I think it is visionary. SHE and the Rwandan government that is. I am delighted to have found your blog, yet I am still intensely interested in understanding more about the construction of this pad. I use rags in the States, and used them when I lived two years in Tanzania. But I've always had access to water.
I like your premise, but I hope that you will be able to dedicate a blog more fully to the health risks of rags, and the technicalities of the new alternative.

And I am definitely a fan.

Nora said...

I passed along the questions to my brother, who had this to say:

My first thought is, "I'm not surprised this will be an issue."

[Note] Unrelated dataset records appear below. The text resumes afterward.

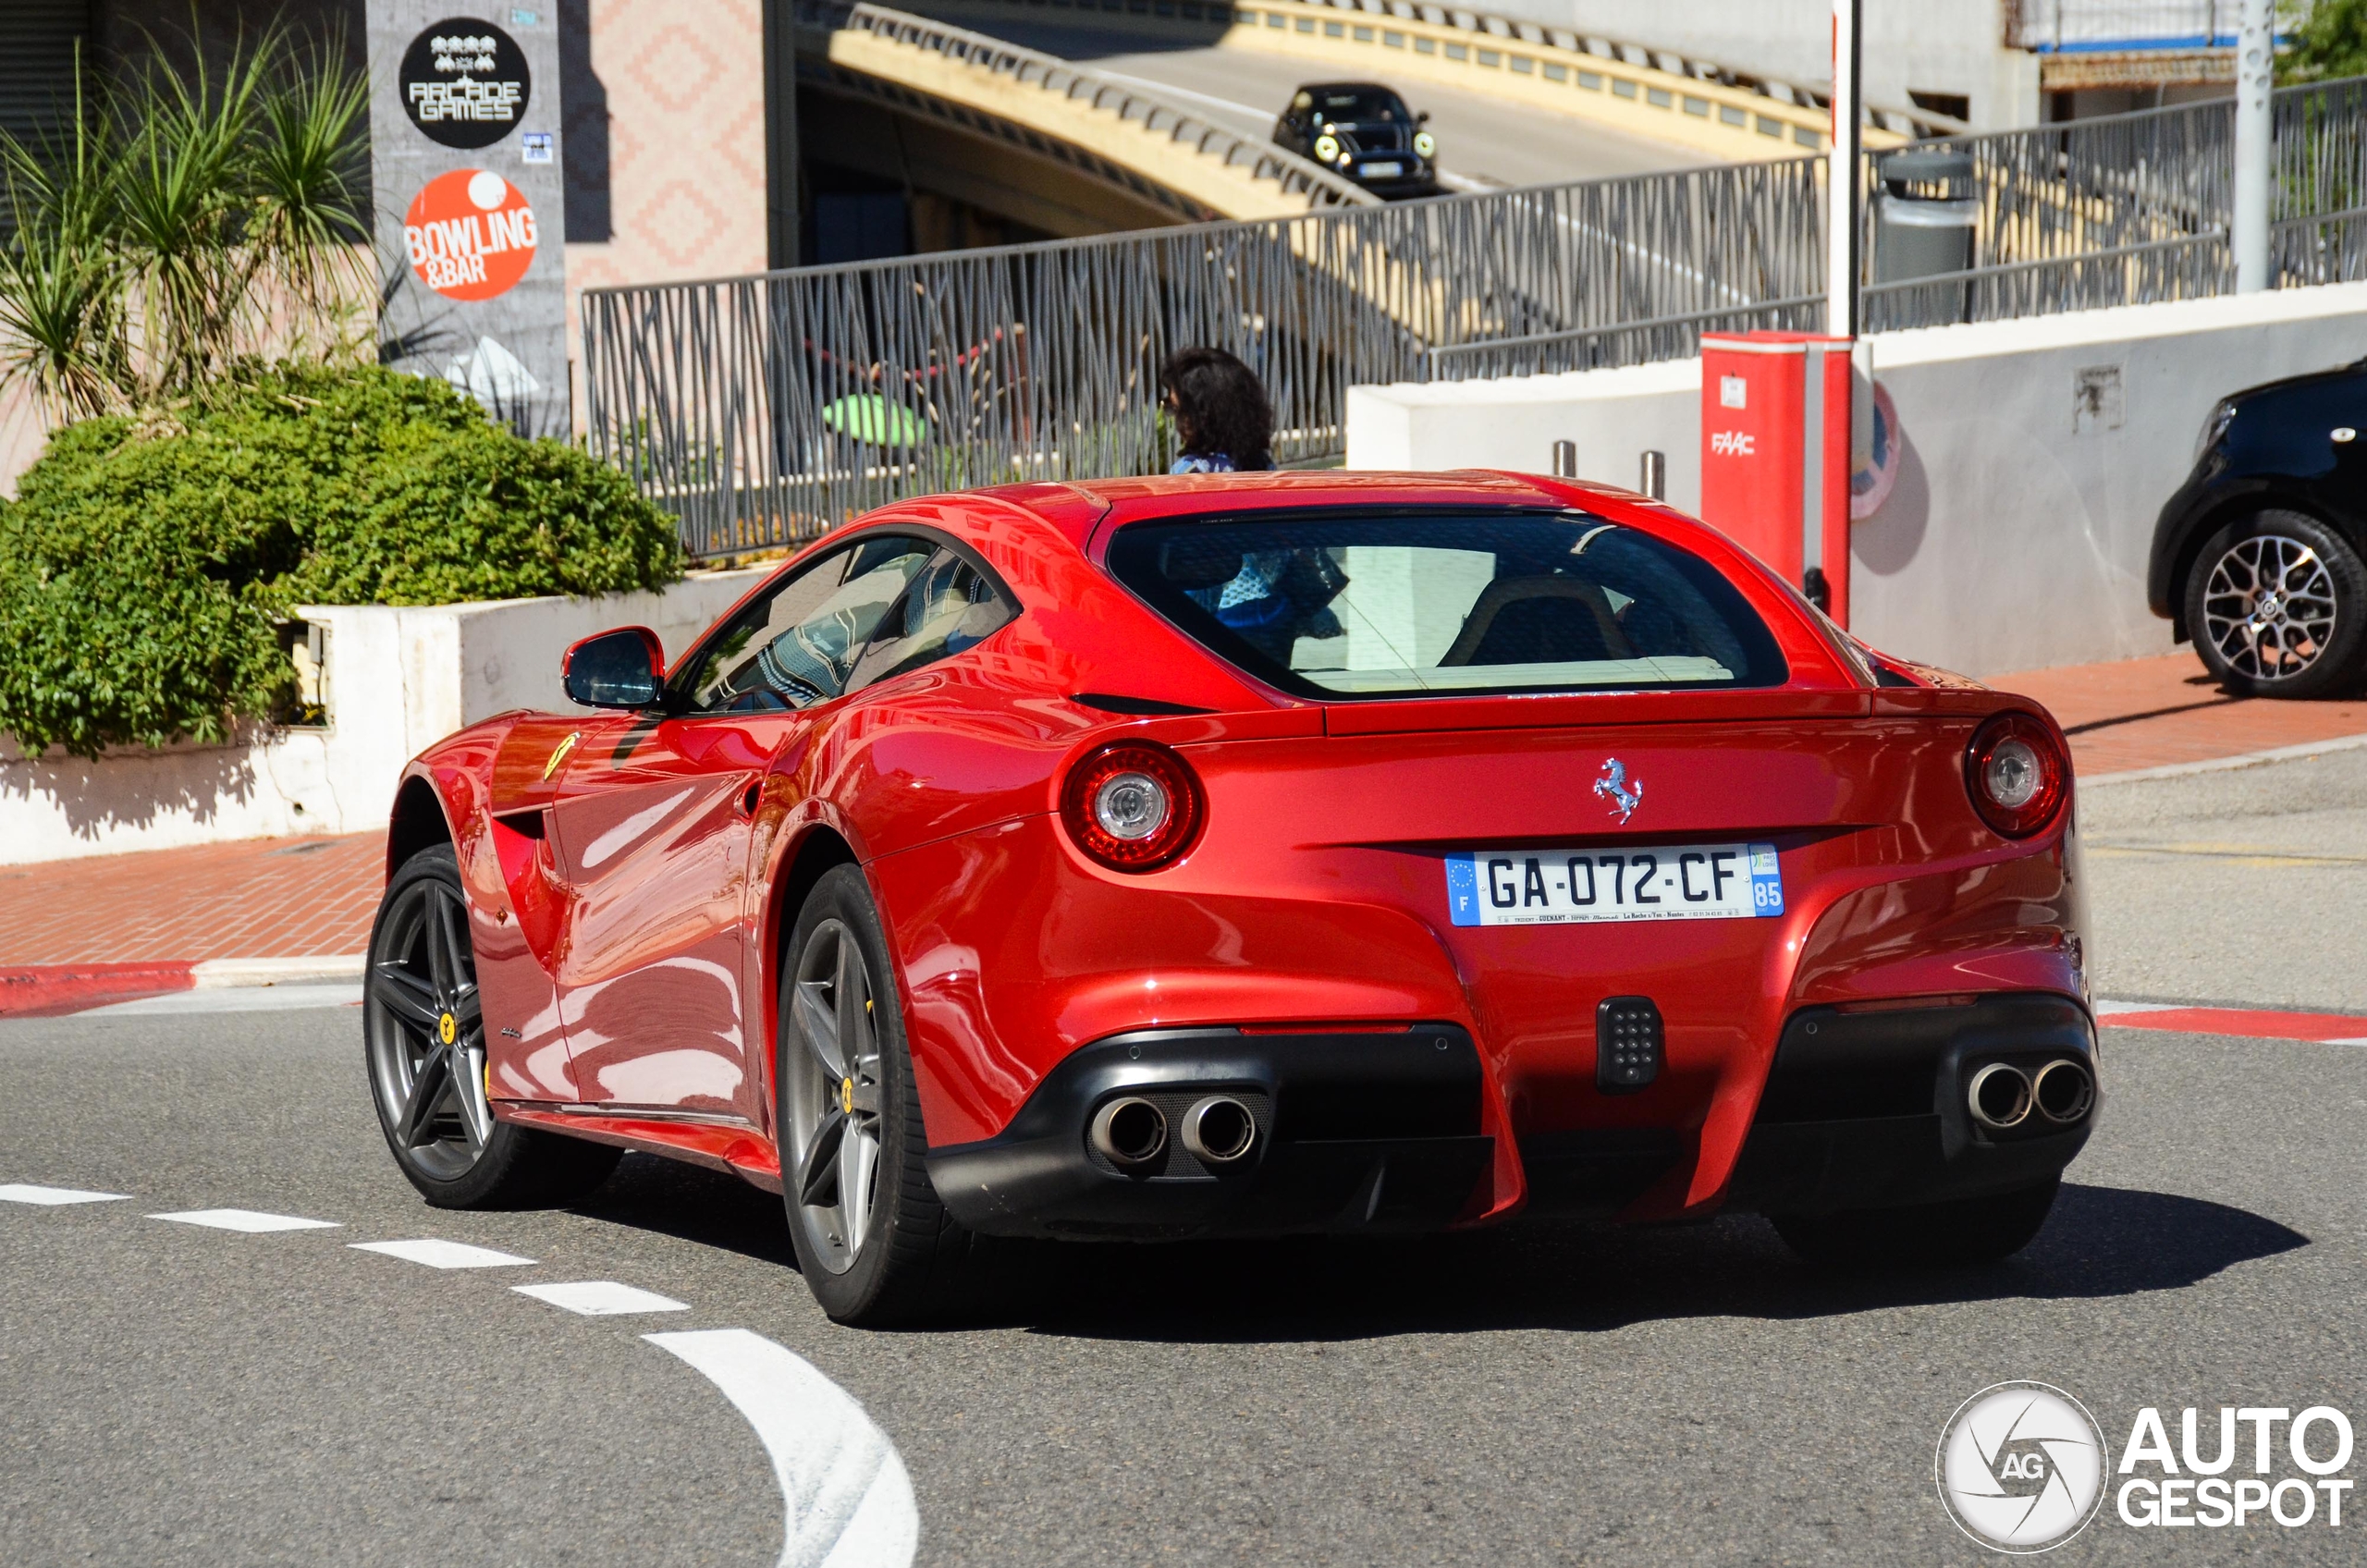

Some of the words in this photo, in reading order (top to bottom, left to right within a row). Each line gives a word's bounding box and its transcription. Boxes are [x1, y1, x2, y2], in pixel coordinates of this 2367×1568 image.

[409, 81, 521, 104] ARCADE
[419, 99, 514, 121] GAMES
[403, 206, 538, 265] BOWLING
[425, 253, 488, 290] &BAR
[1711, 430, 1755, 457] FAAC
[1488, 851, 1736, 908] GA-072-CF
[1459, 896, 1468, 912] F
[1754, 882, 1782, 907] 85
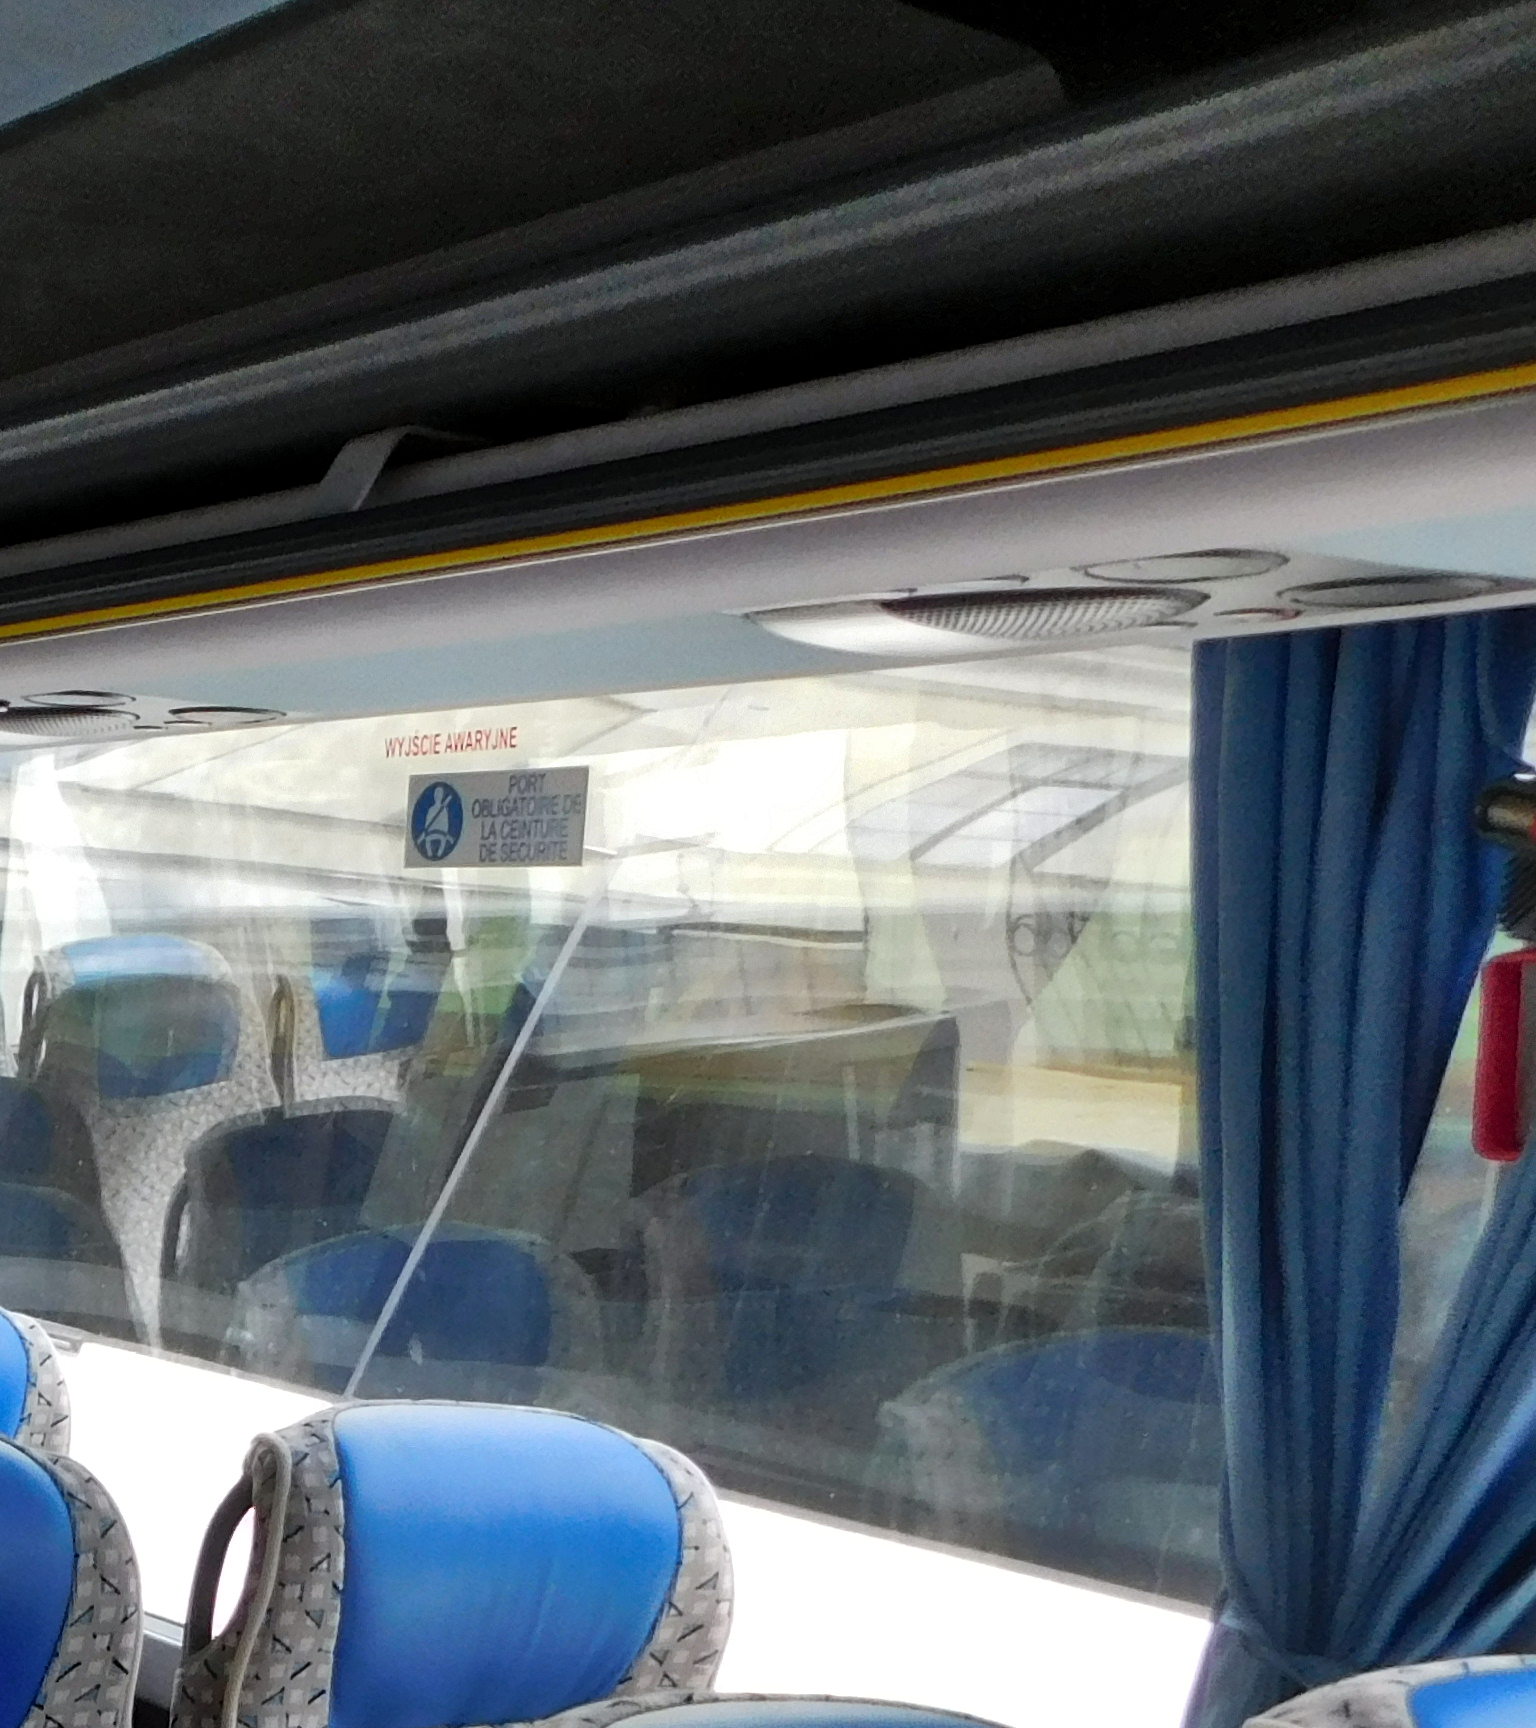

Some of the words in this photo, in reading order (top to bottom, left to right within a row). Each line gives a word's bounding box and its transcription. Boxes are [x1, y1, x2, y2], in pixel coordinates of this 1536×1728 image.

[385, 730, 441, 758] WYJŚCIE
[444, 726, 518, 754] AWARYJNE
[508, 773, 546, 794] PORT
[471, 795, 560, 818] OBLIGATOIRE
[562, 793, 583, 815] DE
[480, 820, 497, 841] LA
[500, 817, 568, 840] CEINTURE
[479, 842, 497, 862] DE
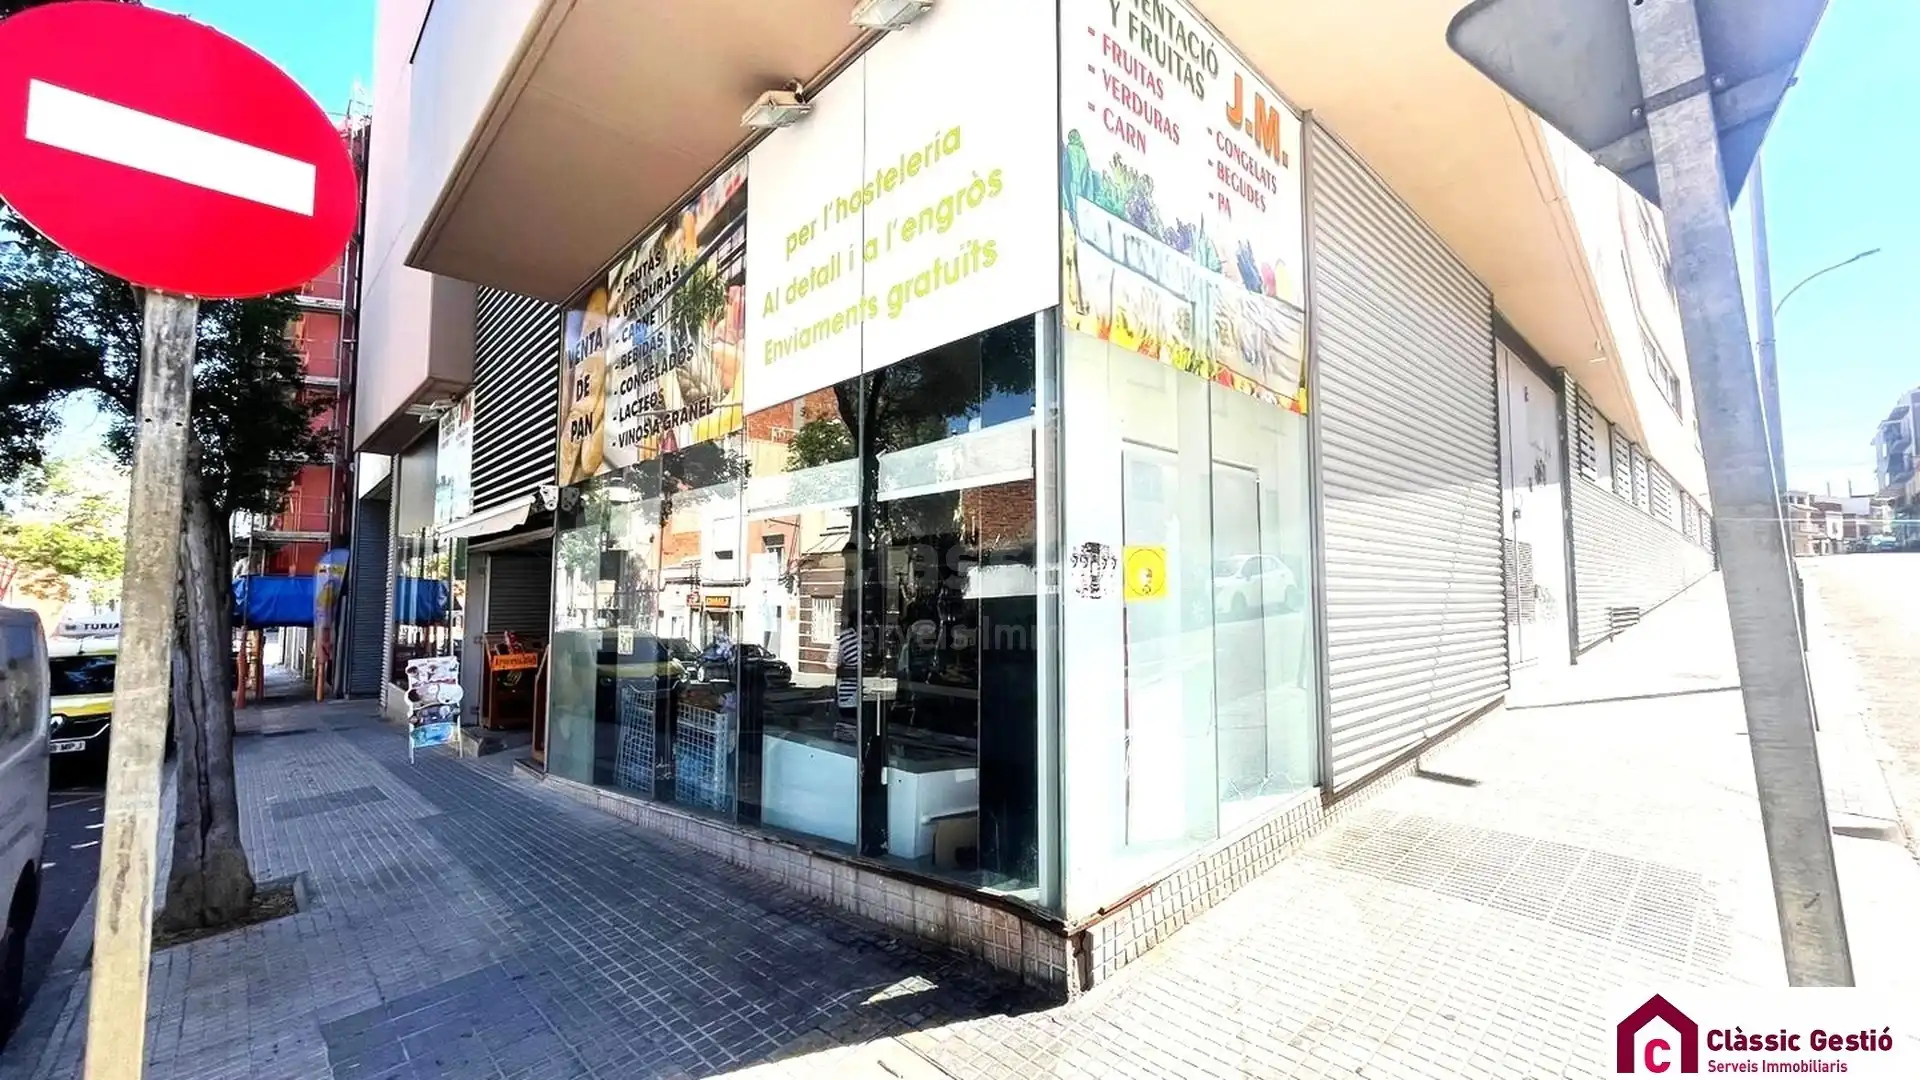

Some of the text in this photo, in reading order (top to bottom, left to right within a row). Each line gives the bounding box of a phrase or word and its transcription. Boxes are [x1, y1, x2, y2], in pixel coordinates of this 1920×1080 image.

[1109, 0, 1205, 101] Y FRUITAS
[1134, 0, 1219, 79] ENTACIÓ
[1102, 33, 1164, 100] FRUITAS
[1102, 69, 1180, 146] VERDURAS
[1103, 108, 1147, 155] CARN
[1226, 72, 1289, 169] J.M.
[1216, 130, 1277, 194] CONGELATS
[1216, 161, 1266, 213] BEGUDES
[1217, 192, 1232, 222] PA
[762, 168, 1004, 318] Al detall i a l'engròs
[785, 217, 817, 261] per
[623, 251, 661, 292] FRUTAS
[623, 264, 679, 317] VERDURAS
[622, 309, 656, 343] CARNE
[764, 239, 998, 366] Enviaments gratuïts
[568, 327, 603, 369] VENTA
[620, 332, 663, 370] BEBIDAS
[620, 343, 694, 395] CONGELADOS
[576, 374, 590, 402] DE
[619, 388, 665, 422] LACTEOS
[571, 412, 593, 443] PAN
[618, 421, 649, 448] VINOS
[663, 396, 714, 430] GRANEL

However, they could work with it. I mean, if they do make a profit
and do pay taxes, the government will protect them, much like the govt in the US would protect such a small company.

Policy-wise, it kinda makes sense from their point of view. African
governments have lost a huge amount of power, money, oversight,
authority, and legitimacy in the eyes of their citizens because their job as welfare providers has been eliminated by structural adjustment and replaced by largely Western NGOs. Rwanda's stance is to use such policies (something they've been doing for decades - according to many, Rwanda was the last African country to accept any structural adjustment, and even then, it was very minor) to maintain their own power and authority over their citizens.

It does make sense from a certain point of view. They just don't want what you get in Kenya:
hundreds of thousands of mini-NGOs started and run by naive Western
neo-hippies trying to save the world that are completely off the
governments map and are doing all sorts of highly questionable and
often openly problematic things - like channeling corporate donor
money into development projects that completely circumvent the
government. Of course, SHE is not one of these groups.

So Rwanda might be a good place. Or
maybe too much of a pain.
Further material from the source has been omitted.